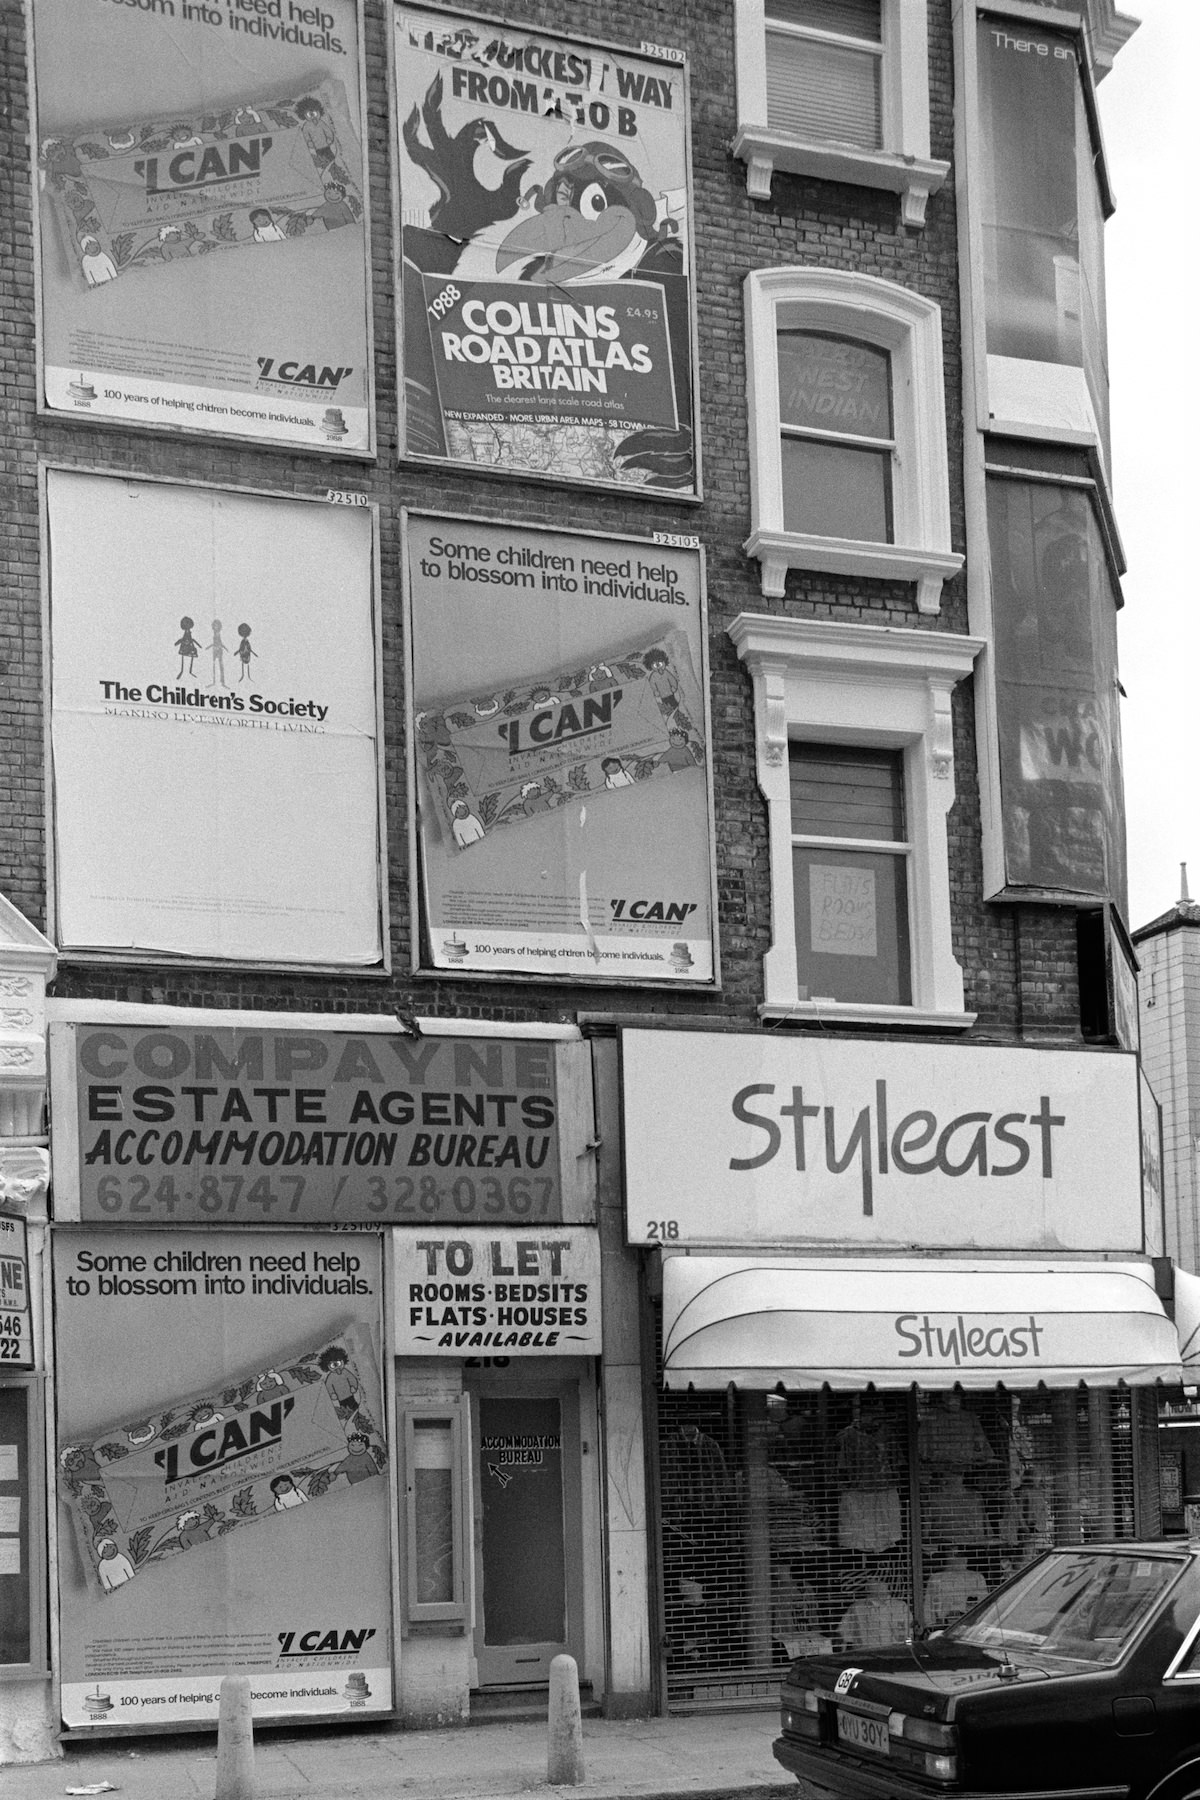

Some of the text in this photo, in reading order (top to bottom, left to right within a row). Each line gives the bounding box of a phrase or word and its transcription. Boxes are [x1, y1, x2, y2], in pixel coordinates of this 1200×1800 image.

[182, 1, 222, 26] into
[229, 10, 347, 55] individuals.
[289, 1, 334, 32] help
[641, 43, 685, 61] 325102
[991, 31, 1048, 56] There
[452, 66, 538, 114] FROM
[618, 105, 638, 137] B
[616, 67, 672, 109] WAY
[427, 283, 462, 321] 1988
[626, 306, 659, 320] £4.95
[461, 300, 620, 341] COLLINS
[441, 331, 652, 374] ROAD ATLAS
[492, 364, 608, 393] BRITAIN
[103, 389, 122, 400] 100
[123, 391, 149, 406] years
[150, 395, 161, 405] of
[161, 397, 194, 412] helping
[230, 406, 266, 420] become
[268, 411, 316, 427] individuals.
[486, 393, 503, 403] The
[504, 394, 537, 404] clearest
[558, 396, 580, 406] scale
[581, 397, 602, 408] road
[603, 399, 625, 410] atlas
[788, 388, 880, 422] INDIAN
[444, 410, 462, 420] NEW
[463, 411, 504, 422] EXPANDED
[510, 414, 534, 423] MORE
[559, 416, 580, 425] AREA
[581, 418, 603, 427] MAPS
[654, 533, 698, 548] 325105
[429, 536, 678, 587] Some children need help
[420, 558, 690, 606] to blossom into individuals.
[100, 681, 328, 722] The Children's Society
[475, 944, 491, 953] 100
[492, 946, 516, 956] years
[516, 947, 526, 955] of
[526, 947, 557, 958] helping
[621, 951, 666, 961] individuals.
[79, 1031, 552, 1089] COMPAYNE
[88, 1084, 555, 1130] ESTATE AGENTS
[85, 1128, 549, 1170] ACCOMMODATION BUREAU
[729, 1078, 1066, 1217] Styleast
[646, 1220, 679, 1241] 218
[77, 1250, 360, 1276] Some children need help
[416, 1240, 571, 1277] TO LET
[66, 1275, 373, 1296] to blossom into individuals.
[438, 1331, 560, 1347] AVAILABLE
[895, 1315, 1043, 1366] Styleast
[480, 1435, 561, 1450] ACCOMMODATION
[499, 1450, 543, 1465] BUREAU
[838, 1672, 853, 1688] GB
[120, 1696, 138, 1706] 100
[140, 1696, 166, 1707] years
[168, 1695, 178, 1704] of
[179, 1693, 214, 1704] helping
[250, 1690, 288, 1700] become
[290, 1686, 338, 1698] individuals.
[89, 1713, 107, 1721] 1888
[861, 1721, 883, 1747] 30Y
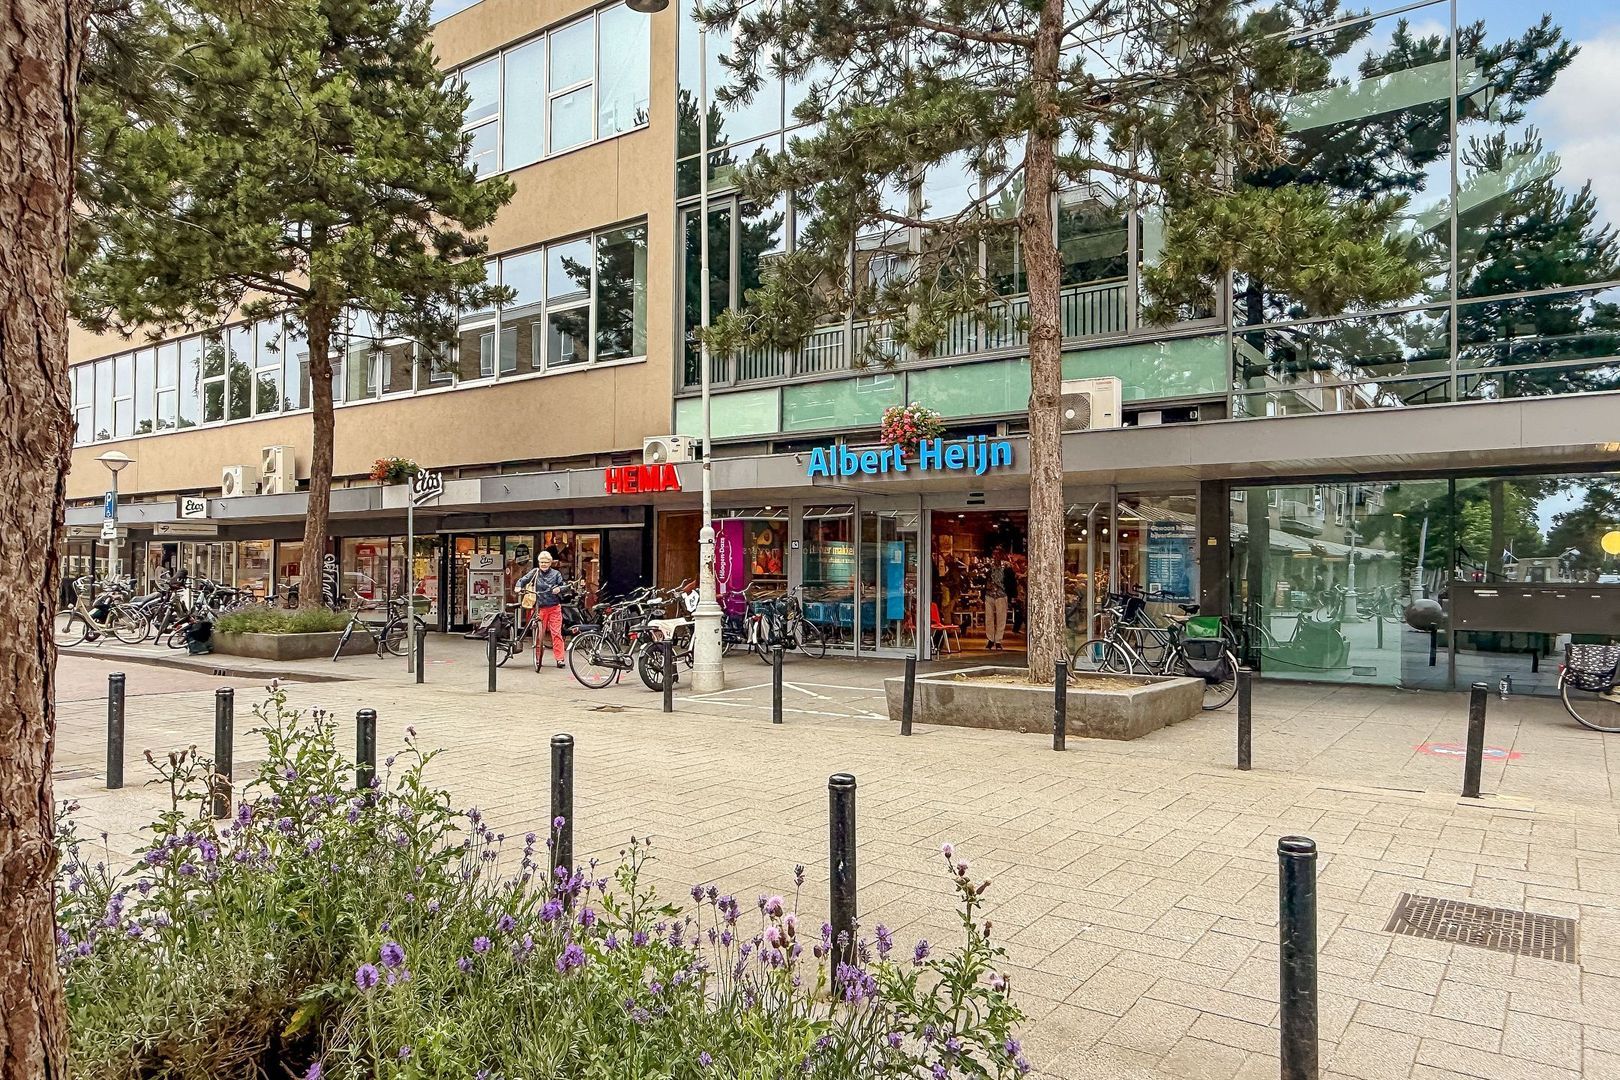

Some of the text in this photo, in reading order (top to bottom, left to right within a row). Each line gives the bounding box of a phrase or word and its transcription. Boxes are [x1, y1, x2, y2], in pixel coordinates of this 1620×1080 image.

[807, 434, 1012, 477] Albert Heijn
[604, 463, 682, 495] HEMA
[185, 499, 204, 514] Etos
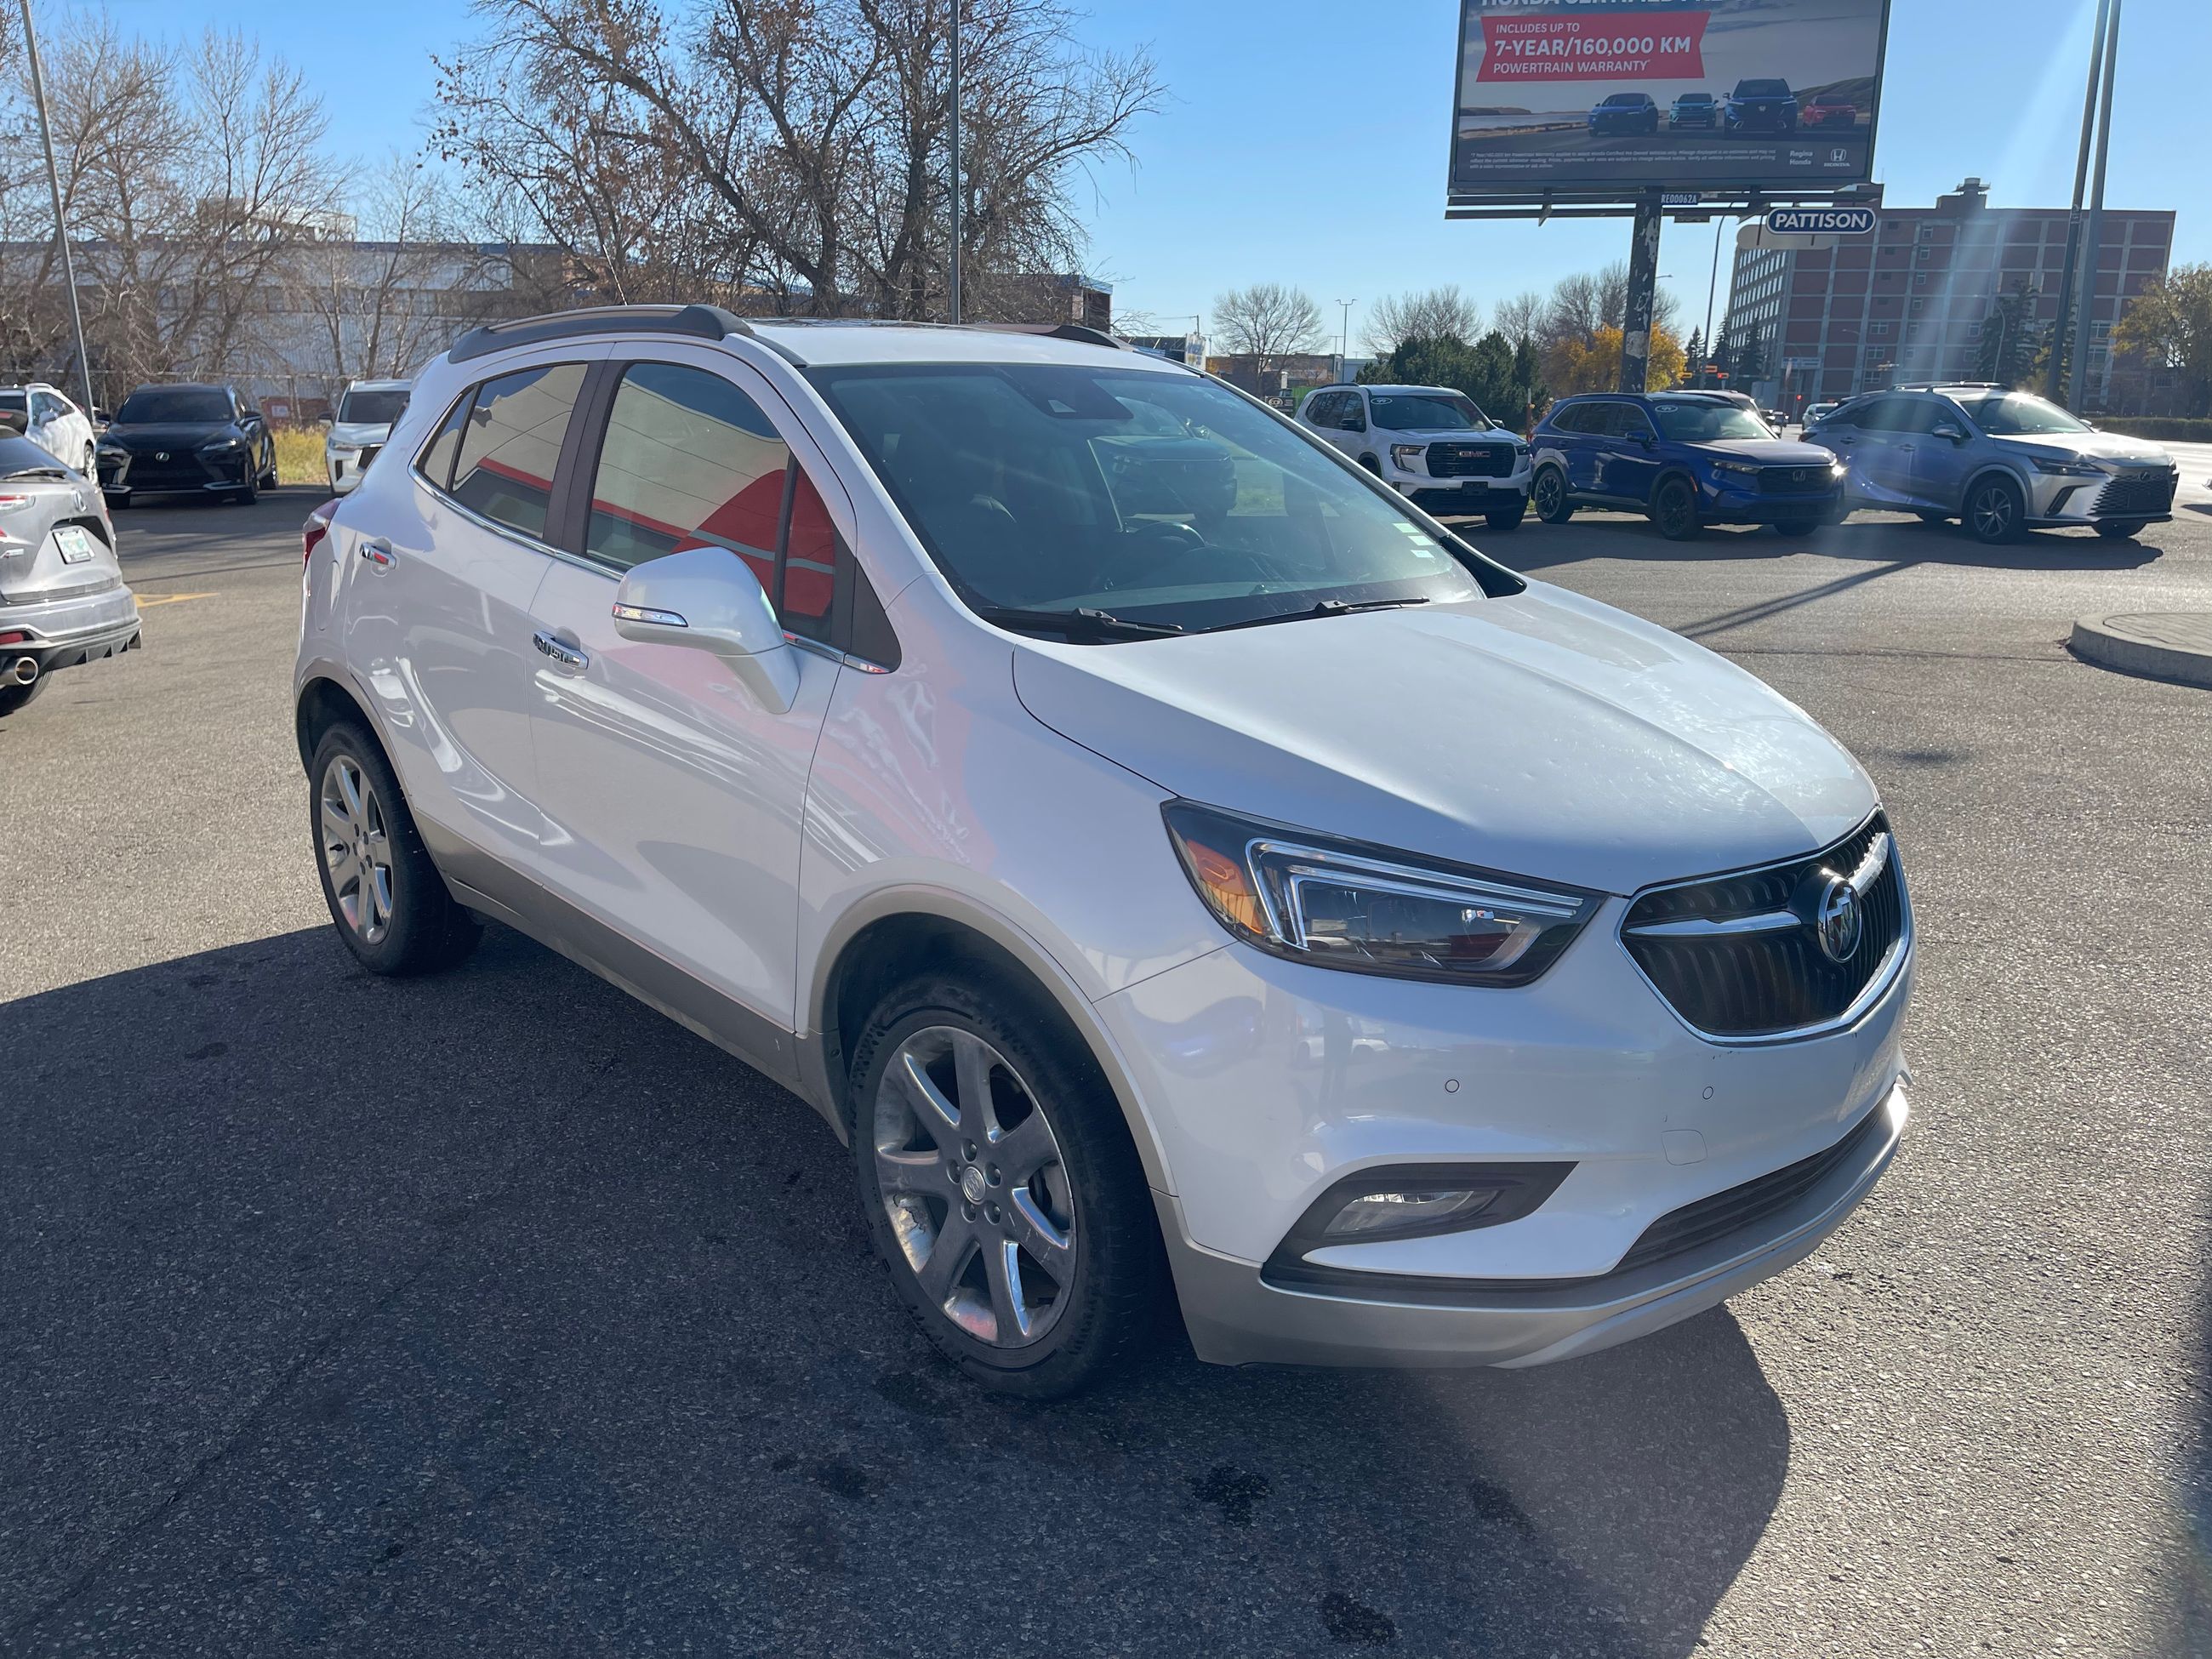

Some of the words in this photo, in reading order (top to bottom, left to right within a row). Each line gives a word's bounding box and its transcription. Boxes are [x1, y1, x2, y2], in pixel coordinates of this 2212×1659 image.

Instructions to follow:
Every last line above must be reproduced as written, and no pictures belong in the copy.

Response to this task:
Some of the text in this photo, in reading order (top to bottom, left to right within a row). Each line gives the bounding box of a phrase or word and its transcription. Boxes are [x1, y1, x2, y2], in pixel coordinates of this 1200×1800 image.

[182, 1, 222, 26] into
[229, 10, 347, 55] individuals.
[289, 1, 334, 32] help
[641, 43, 685, 61] 325102
[991, 31, 1048, 56] There
[452, 66, 538, 114] FROM
[618, 105, 638, 137] B
[616, 67, 672, 109] WAY
[427, 283, 462, 321] 1988
[626, 306, 659, 320] £4.95
[461, 300, 620, 341] COLLINS
[441, 331, 652, 374] ROAD ATLAS
[492, 364, 608, 393] BRITAIN
[103, 389, 122, 400] 100
[123, 391, 149, 406] years
[150, 395, 161, 405] of
[161, 397, 194, 412] helping
[230, 406, 266, 420] become
[268, 411, 316, 427] individuals.
[486, 393, 503, 403] The
[504, 394, 537, 404] clearest
[558, 396, 580, 406] scale
[581, 397, 602, 408] road
[603, 399, 625, 410] atlas
[788, 388, 880, 422] INDIAN
[444, 410, 462, 420] NEW
[463, 411, 504, 422] EXPANDED
[510, 414, 534, 423] MORE
[559, 416, 580, 425] AREA
[581, 418, 603, 427] MAPS
[654, 533, 698, 548] 325105
[429, 536, 678, 587] Some children need help
[420, 558, 690, 606] to blossom into individuals.
[100, 681, 328, 722] The Children's Society
[475, 944, 491, 953] 100
[492, 946, 516, 956] years
[516, 947, 526, 955] of
[526, 947, 557, 958] helping
[621, 951, 666, 961] individuals.
[79, 1031, 552, 1089] COMPAYNE
[88, 1084, 555, 1130] ESTATE AGENTS
[85, 1128, 549, 1170] ACCOMMODATION BUREAU
[729, 1078, 1066, 1217] Styleast
[646, 1220, 679, 1241] 218
[77, 1250, 360, 1276] Some children need help
[416, 1240, 571, 1277] TO LET
[66, 1275, 373, 1296] to blossom into individuals.
[438, 1331, 560, 1347] AVAILABLE
[895, 1315, 1043, 1366] Styleast
[480, 1435, 561, 1450] ACCOMMODATION
[499, 1450, 543, 1465] BUREAU
[838, 1672, 853, 1688] GB
[120, 1696, 138, 1706] 100
[140, 1696, 166, 1707] years
[168, 1695, 178, 1704] of
[179, 1693, 214, 1704] helping
[250, 1690, 288, 1700] become
[290, 1686, 338, 1698] individuals.
[89, 1713, 107, 1721] 1888
[861, 1721, 883, 1747] 30Y

Some of the text in this photo, in reading order (top to bottom, left to right within a row). Each line gives the bounding box of a phrase or word and its transcription. Boxes are [x1, y1, x2, y2], in pixel coordinates of this 1620×1080 image.

[807, 434, 1012, 477] Albert Heijn
[604, 463, 682, 495] HEMA
[185, 499, 204, 514] Etos

Some of the words in this photo, in reading order (top to bottom, left to right within a row). Each line gives a word's bounding box and its transcription. Boxes are [x1, y1, x2, y2], in pixel coordinates of this 2212×1659 image.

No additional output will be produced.